In 1998 Schwarzrock left Hughes Aircraft; he and Derek White opened the office in Westlake Village, California, just down the street from Realtor.com. They raised nearly $1.8 million from 78 investors which allowed the company to build an expanded robust system. The company gained national attention after White made a presentation at the Inman Real Estate Connect in San Francisco and secured a pivotal relationship with Yahoo! who at the time was the largest web portal in the world. Within a year, the company would be featured on CNBC'S Power Lunch in a segment with Homeseekers.com.

During the early days of the company, foreclosure information was limited to California. In 1998 the company had records on 180,000 Californian properties as data was obtained from smaller companies that transcribed property records from typically only one county or municipality. With the new hardware and software in place, White struck a deal with Mike Ela, President of Dataquick at the time for foreclosure data from all 50 states through DataQuick's partner Acxiom. With a more robust database of foreclosure data including notice of default (NOD), notice of trustee's sale (NTS) and bank-owned (REO) information in nearly 3,000 US counties, RealtyTrac secured its place in history as pioneers of online foreclosure information.

In January 2000, then Vice President at Comerica Bank, Matthew Mara (a golfing buddy of Mr. Schwarzrock) arranged a meeting between RealtyTrac LLC and First Security Van Kasper of Newport Beach, California, a brokerage and investment-banking company. They had just taken Homeseekers Public (NASDAQ: HMSK), and were extremely excited to partner with RealtyTrac and were ready to raise up to $20 million to fund RealtyTrac's growth. Unfortunately in less than 30 days the world would witness the infamous dot-com crash, which dried up any hope for new VC funding. White and Schwarzrock went to Mara to set up a meeting with Rich Toubman's financial services firm, Global Vantage Ltd, located in Newport Beach. One of the attendees in that meeting was James Saccacio who obtained the expansion capital for RealtyTrac. Mr. Saccacio relocated RealtyTrac to its former location in Irvine, California.

===Move nationwide===
A reduction in foreclosures in California coupled with start-up costs resulted in the company failing to make a profit, and so in July 2000, when the company was based in Westlake Village, they launched a national website to sell data from DataQuick Information Systems for a daily or monthly charge. In 2000, Jim Saccacio stepped in as the CEO after White left to start Stellar Real Estate Solutions in Ohio. The CEO from October 2000 until November 2011 was Saccacio, previously principal at Transition Management Group. Saccacio, assisted by White's vision to sell data to Yahoo Real Estate, helped move the company from a statewide business to a national one.

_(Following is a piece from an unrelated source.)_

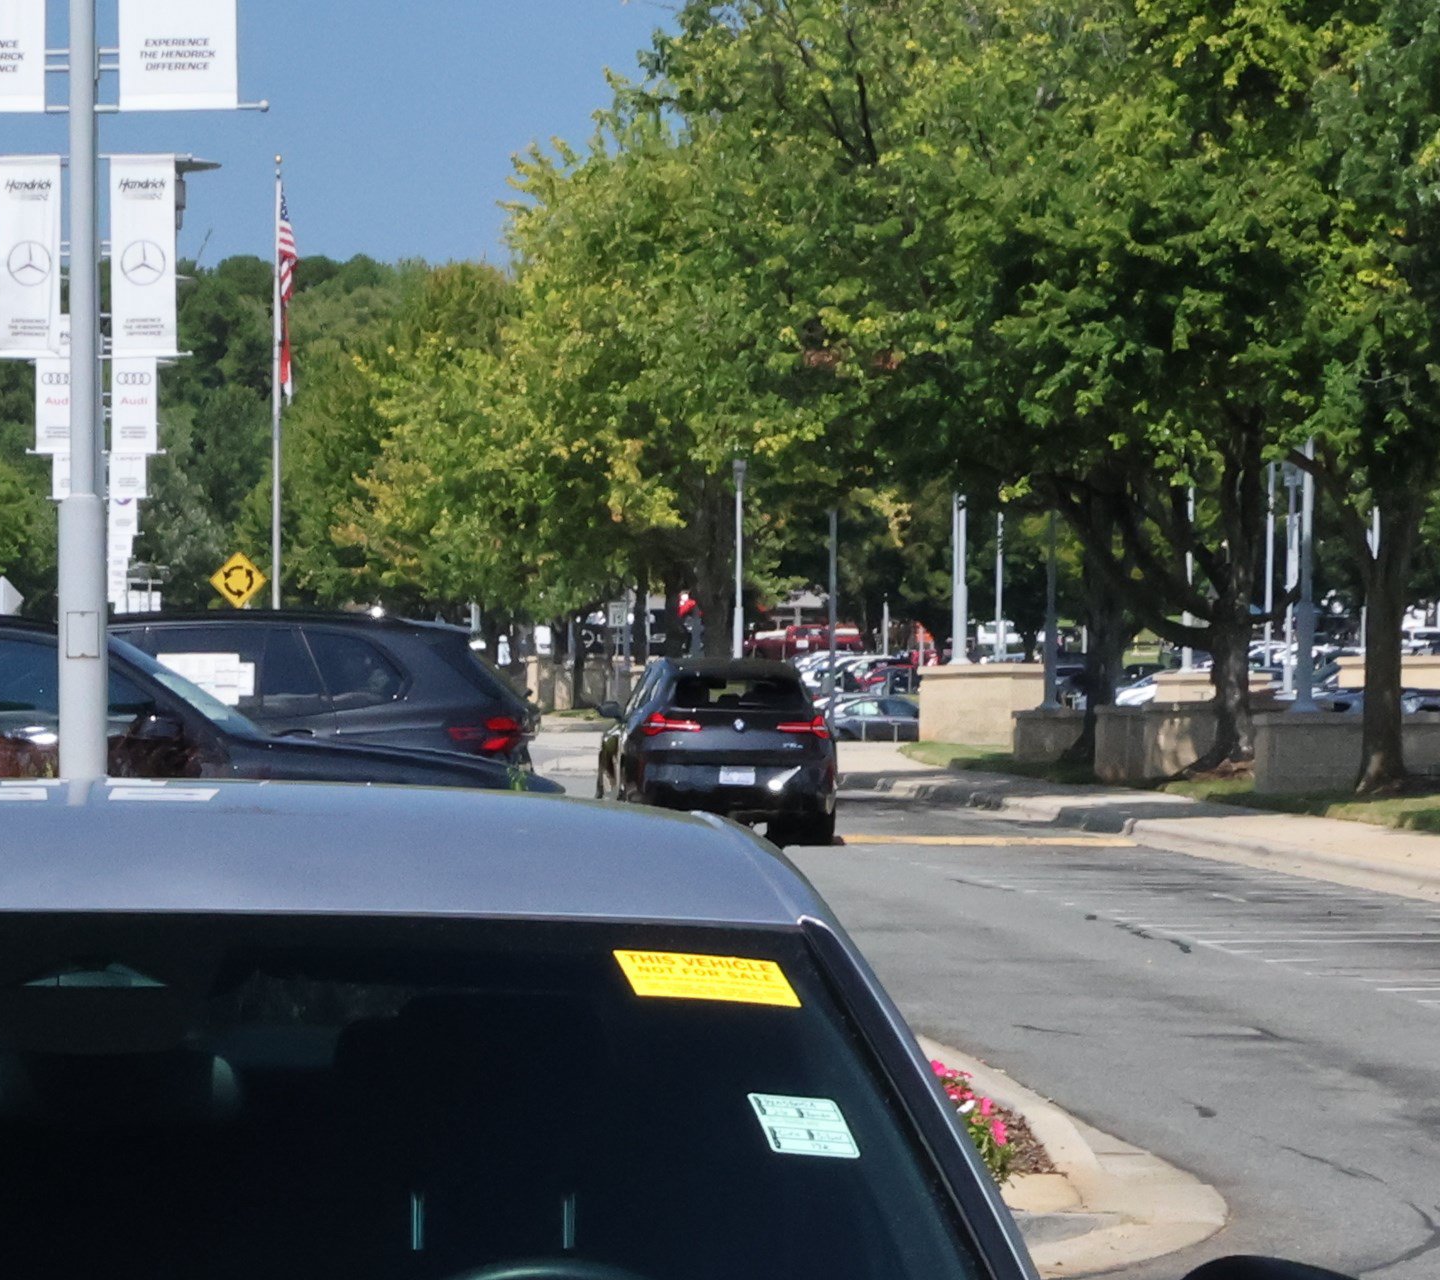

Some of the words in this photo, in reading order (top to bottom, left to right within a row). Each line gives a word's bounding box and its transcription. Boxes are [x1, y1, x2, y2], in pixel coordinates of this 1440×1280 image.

===Great Recession 2007 – 2009===

In 2007 the Colorado Division and Housing and the Mortgage Bankers Association, among others, complained that by counting the three stages of foreclosure separately the company was overstating foreclosure levels and the company changed their counting methods to only count properties once in their figures. During this period comparisons in data over time were complicated by changes in methodologies and in the increase in the number of counties that data was gathered from.

===2011 purchase===
Renovo Capital LLC, a private equity firm, bought a majority stake in the company in November 2011 and formed a new company, Renwood RealtyTrac LLC. Saccacio was replaced as CEO by Brandon Moore, previously a senior executive at One Technologies, with Saccacio staying as a spokesman and board member.

==Reception==
In 2007, the site was rated as the third largest real estate site by MediaMatrix. The New York banking superintendent said that "RealtyTrac is now setting the standard by which this information gets reported". VP of Marketing Rick Sharga was awarded a Stevie Award in 2007 as Best Marketing Executive.

In response to the suggestion that people regard the company as "grave dancers", Saccacio responded that "We provide a potential solution to people with a problem. By democratizing the data, we help people in a bad situation."

==Ratings and reviews==
As of 2012, the company maintained an A+ rating with the Better Business Bureau.